Segment Start: ENTRIES SUPPLIED
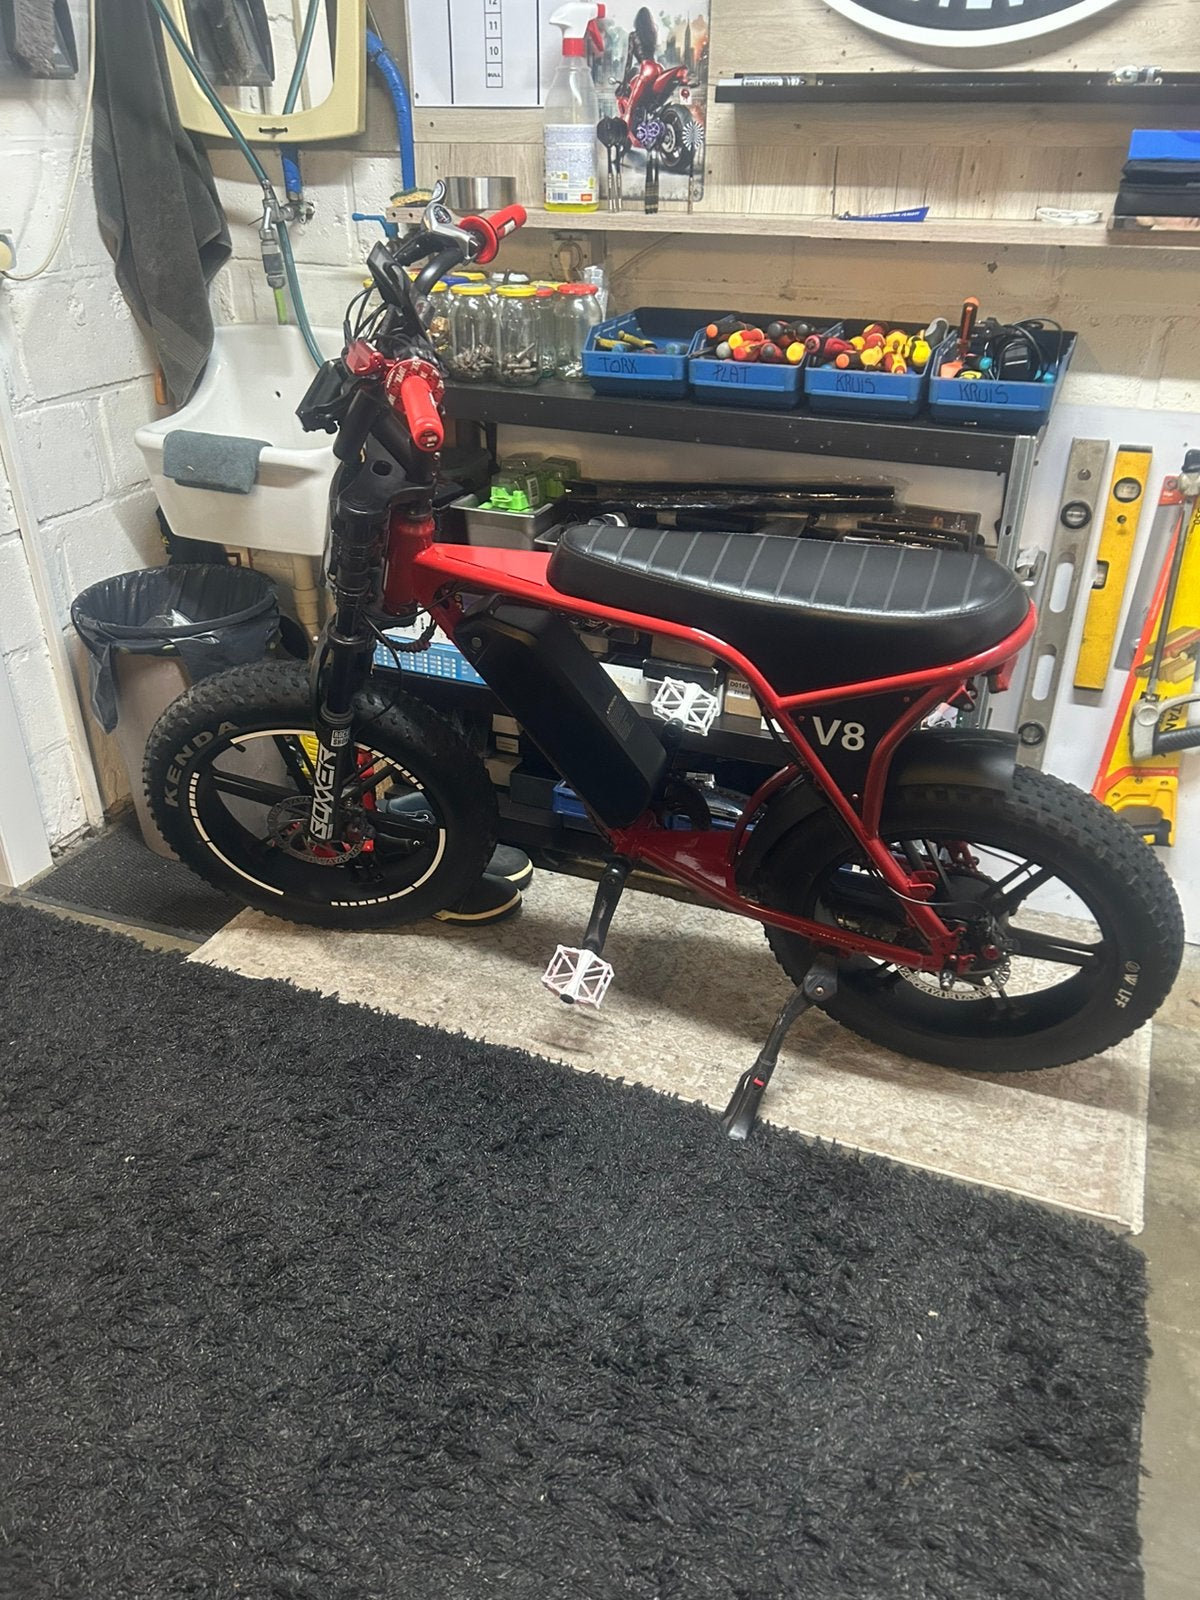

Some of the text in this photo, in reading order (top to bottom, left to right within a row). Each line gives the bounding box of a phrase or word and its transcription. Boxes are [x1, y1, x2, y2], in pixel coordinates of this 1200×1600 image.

[489, 21, 498, 30] 11
[489, 46, 499, 56] 10
[598, 356, 638, 374] TORX
[712, 364, 750, 384] PLAT
[835, 373, 876, 394] KRUIS
[958, 383, 1009, 404] KRUIS
[812, 716, 865, 751] V8
[164, 721, 239, 808] KENDA
[310, 742, 337, 840] BOXXER
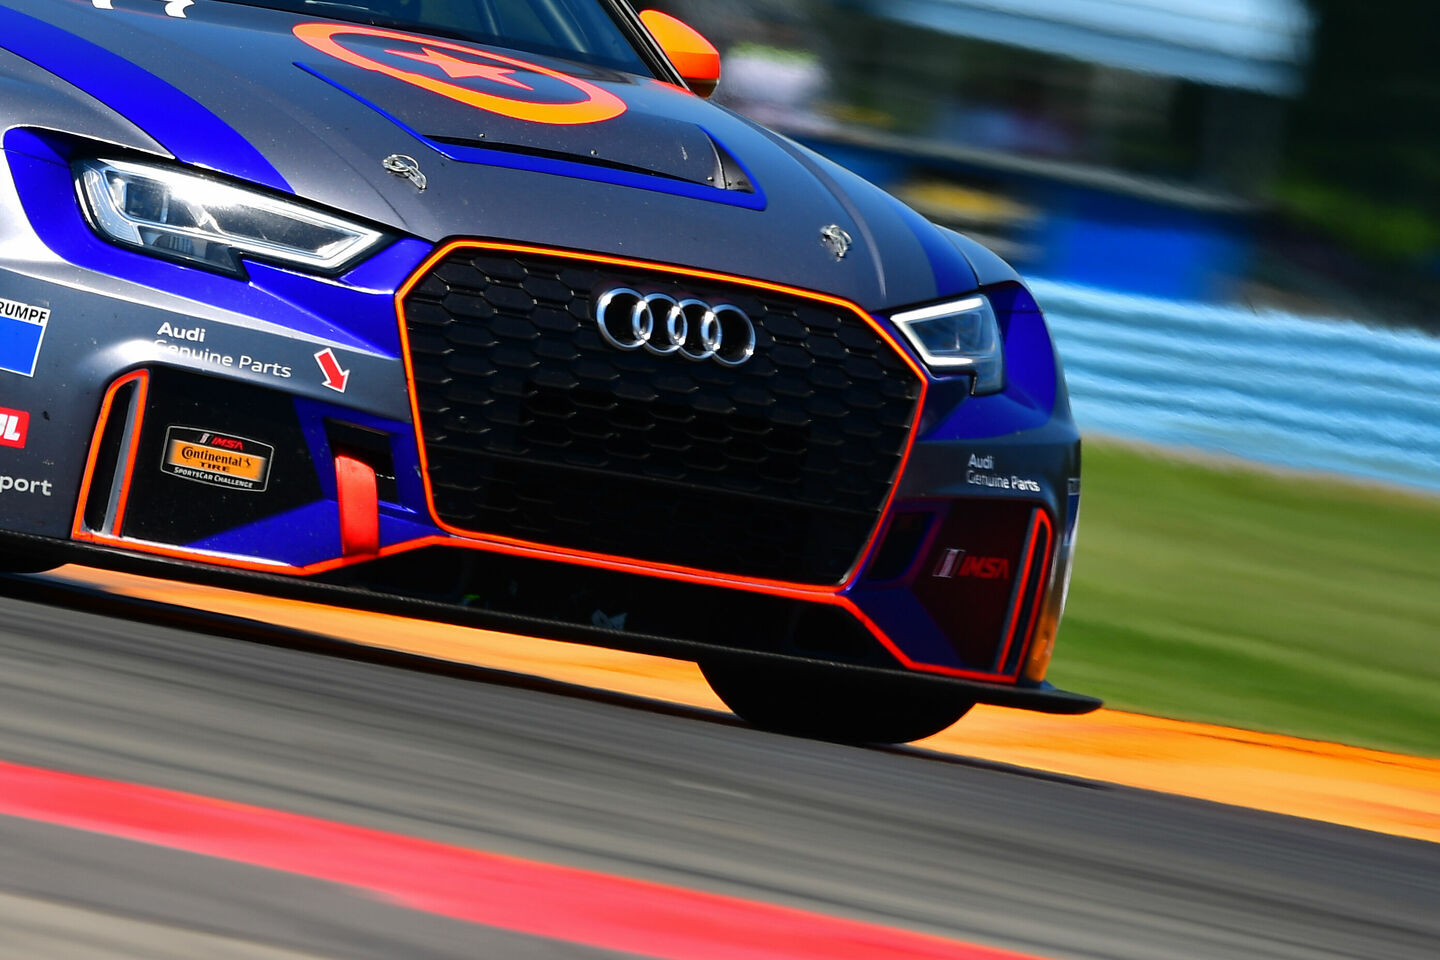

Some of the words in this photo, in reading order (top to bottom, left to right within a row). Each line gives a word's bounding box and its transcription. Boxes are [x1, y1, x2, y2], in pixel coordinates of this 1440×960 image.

[157, 322, 206, 342] Audi
[239, 355, 292, 378] Parts
[181, 446, 242, 468] Continental
[200, 461, 231, 473] TIRE
[968, 453, 993, 469] Audi
[967, 470, 1009, 489] Genuine
[1011, 476, 1041, 492] Parts
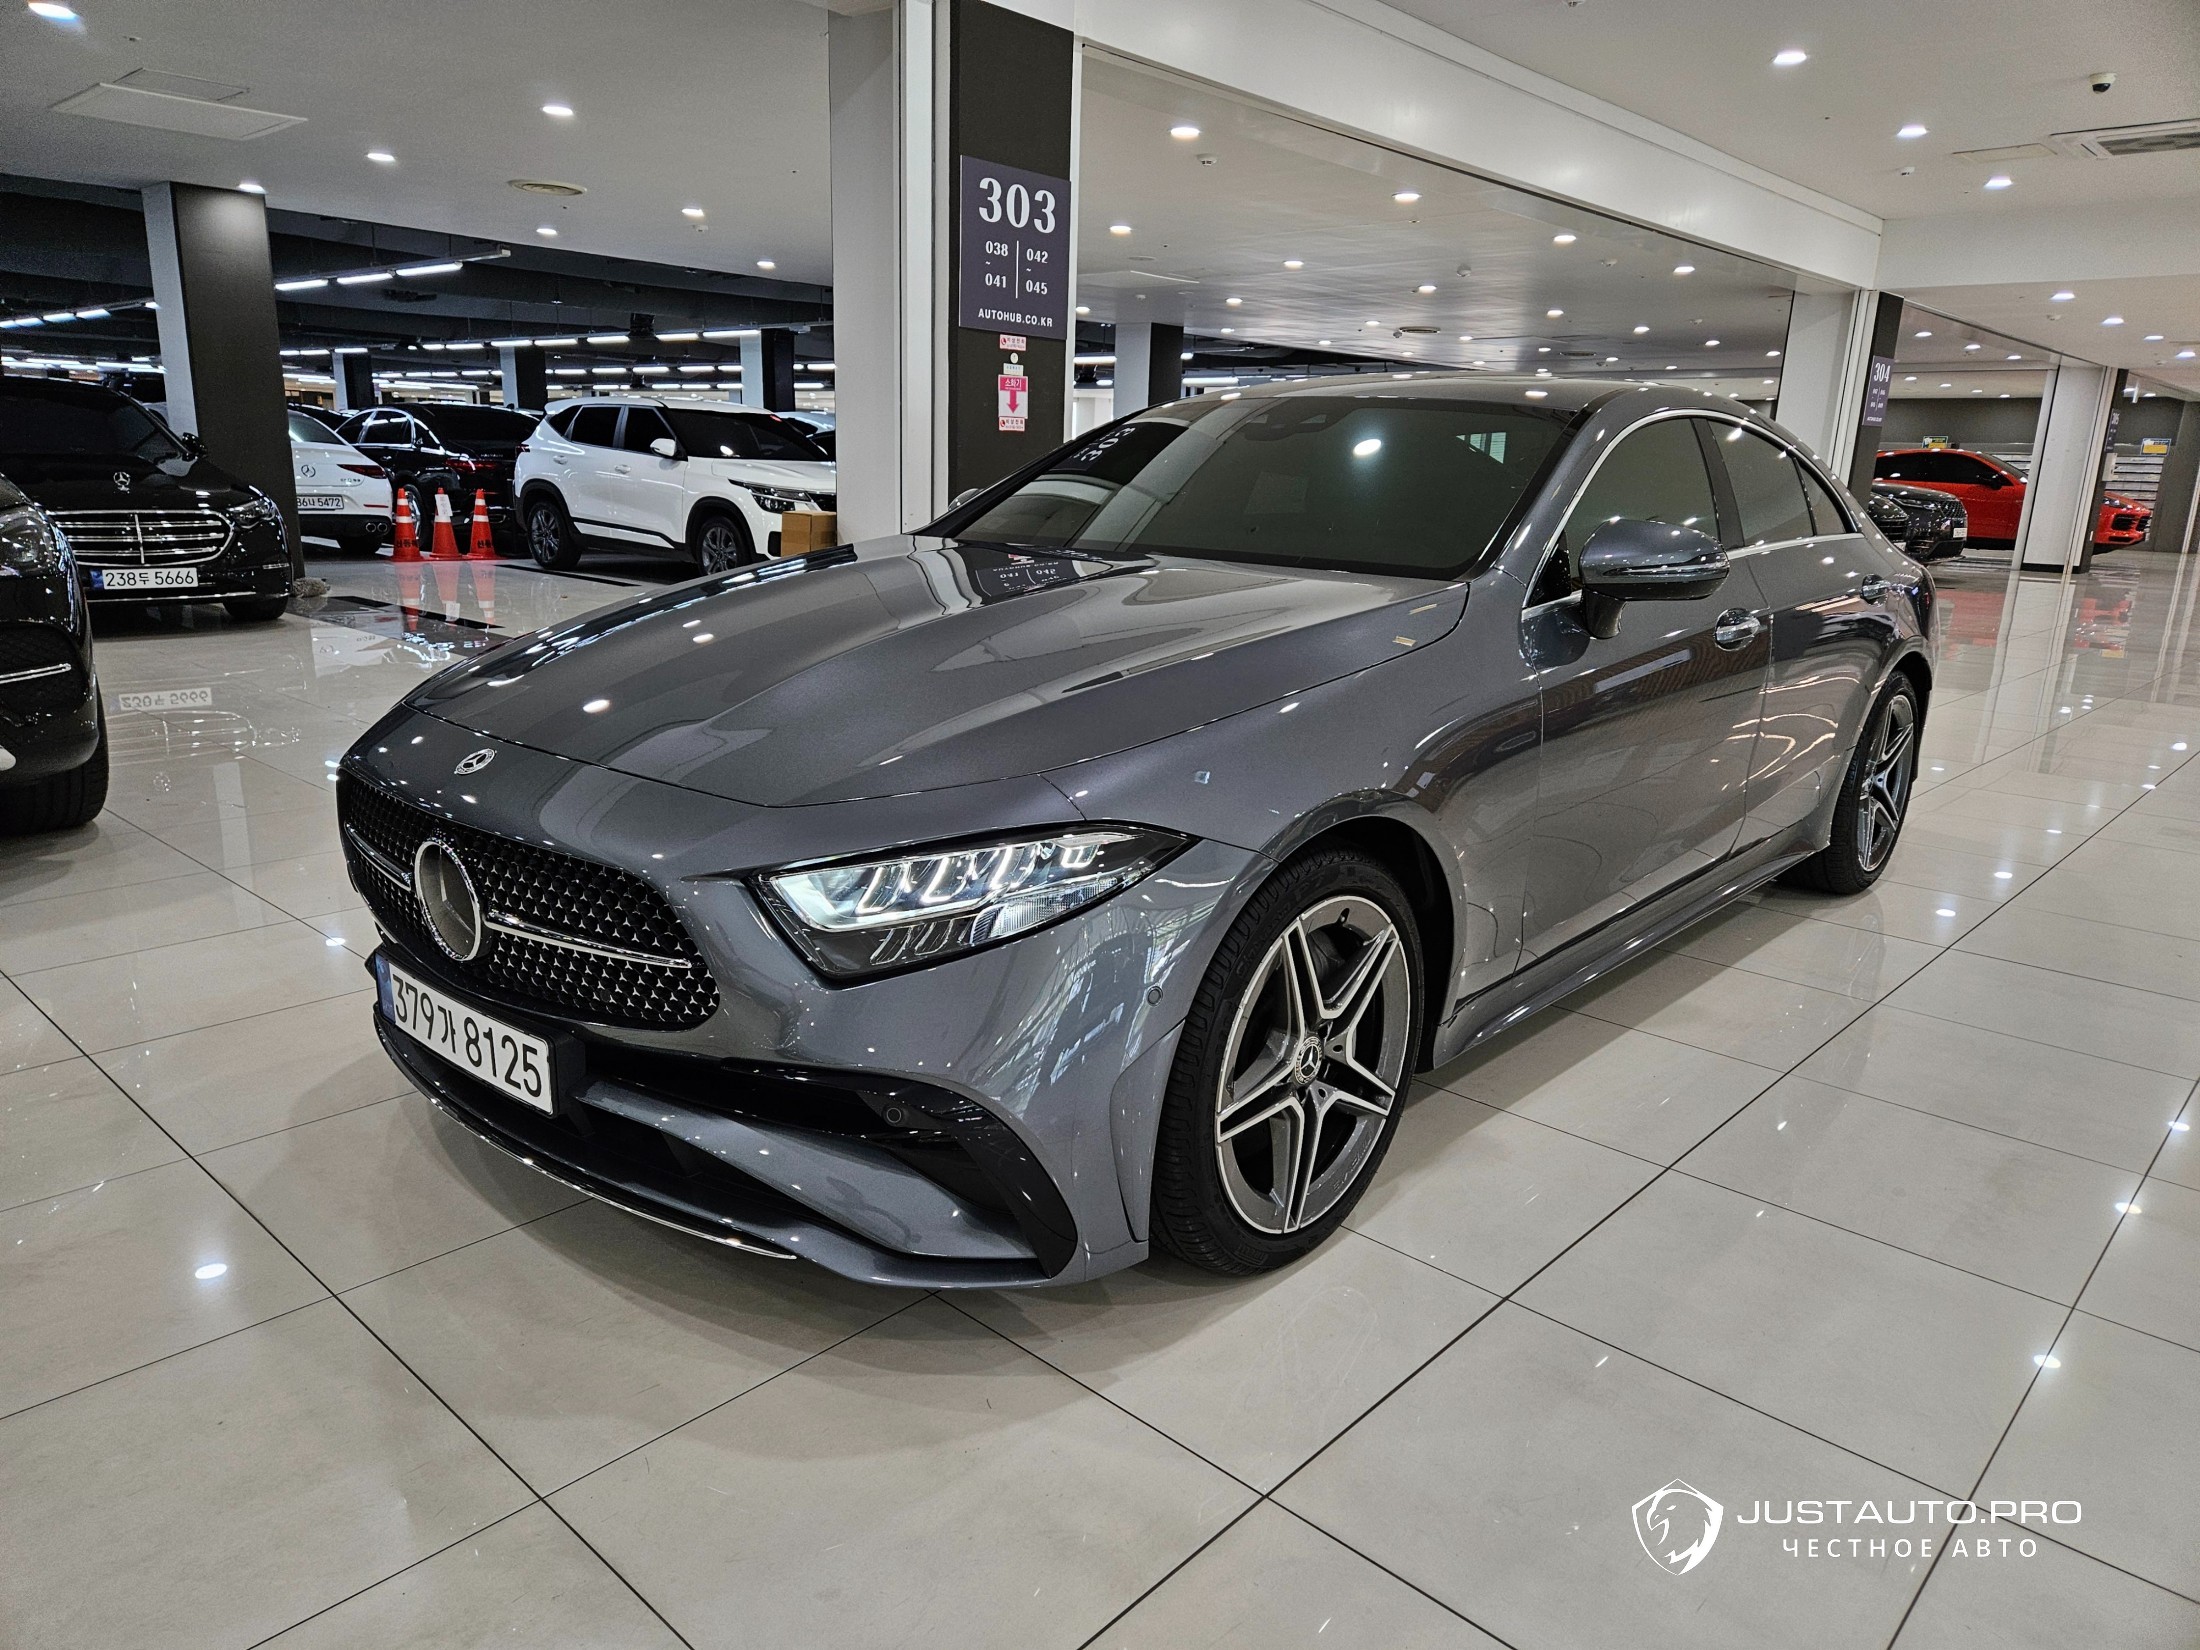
Segment End: ENTRIES SUPPLIED
_EXERCISE:_ Drop the pictures and give every line above again exactly.

_WRITTEN REPLY:_
Some of the text in this photo, in reading order (top to bottom, left to right within a row). Each line gives the bounding box of a phrase or word and its transcription. Boxes are [x1, y1, x2, y2], in pixel coordinates of this 1200×1600 image.

[489, 21, 498, 30] 11
[489, 46, 499, 56] 10
[598, 356, 638, 374] TORX
[712, 364, 750, 384] PLAT
[835, 373, 876, 394] KRUIS
[958, 383, 1009, 404] KRUIS
[812, 716, 865, 751] V8
[164, 721, 239, 808] KENDA
[310, 742, 337, 840] BOXXER

Some of the words in this photo, in reading order (top to bottom, left to right within a row). Each line gives a word's bounding box and its transcription. Boxes are [x1, y1, x2, y2], in pixel coordinates of this 1440×960 image.

[157, 322, 206, 342] Audi
[239, 355, 292, 378] Parts
[181, 446, 242, 468] Continental
[200, 461, 231, 473] TIRE
[968, 453, 993, 469] Audi
[967, 470, 1009, 489] Genuine
[1011, 476, 1041, 492] Parts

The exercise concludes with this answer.